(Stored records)
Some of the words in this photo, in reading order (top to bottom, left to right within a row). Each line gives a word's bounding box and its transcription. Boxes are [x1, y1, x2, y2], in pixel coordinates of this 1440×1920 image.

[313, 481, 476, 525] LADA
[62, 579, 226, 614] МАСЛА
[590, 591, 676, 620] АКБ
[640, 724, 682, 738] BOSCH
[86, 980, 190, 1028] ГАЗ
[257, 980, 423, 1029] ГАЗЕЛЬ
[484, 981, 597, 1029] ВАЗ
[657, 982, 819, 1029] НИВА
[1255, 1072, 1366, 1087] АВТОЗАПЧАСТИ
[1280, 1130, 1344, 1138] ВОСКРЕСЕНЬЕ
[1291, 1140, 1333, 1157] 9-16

▶ [Requirement]
Make an exact transcription of the entries above.

▶ [Task result]
Some of the words in this photo, in reading order (top to bottom, left to right within a row). Each line gives a word's bounding box and its transcription. Boxes are [x1, y1, x2, y2], in pixel coordinates of this 1440×1920 image.

[313, 481, 476, 525] LADA
[62, 579, 226, 614] МАСЛА
[590, 591, 676, 620] АКБ
[640, 724, 682, 738] BOSCH
[86, 980, 190, 1028] ГАЗ
[257, 980, 423, 1029] ГАЗЕЛЬ
[484, 981, 597, 1029] ВАЗ
[657, 982, 819, 1029] НИВА
[1255, 1072, 1366, 1087] АВТОЗАПЧАСТИ
[1280, 1130, 1344, 1138] ВОСКРЕСЕНЬЕ
[1291, 1140, 1333, 1157] 9-16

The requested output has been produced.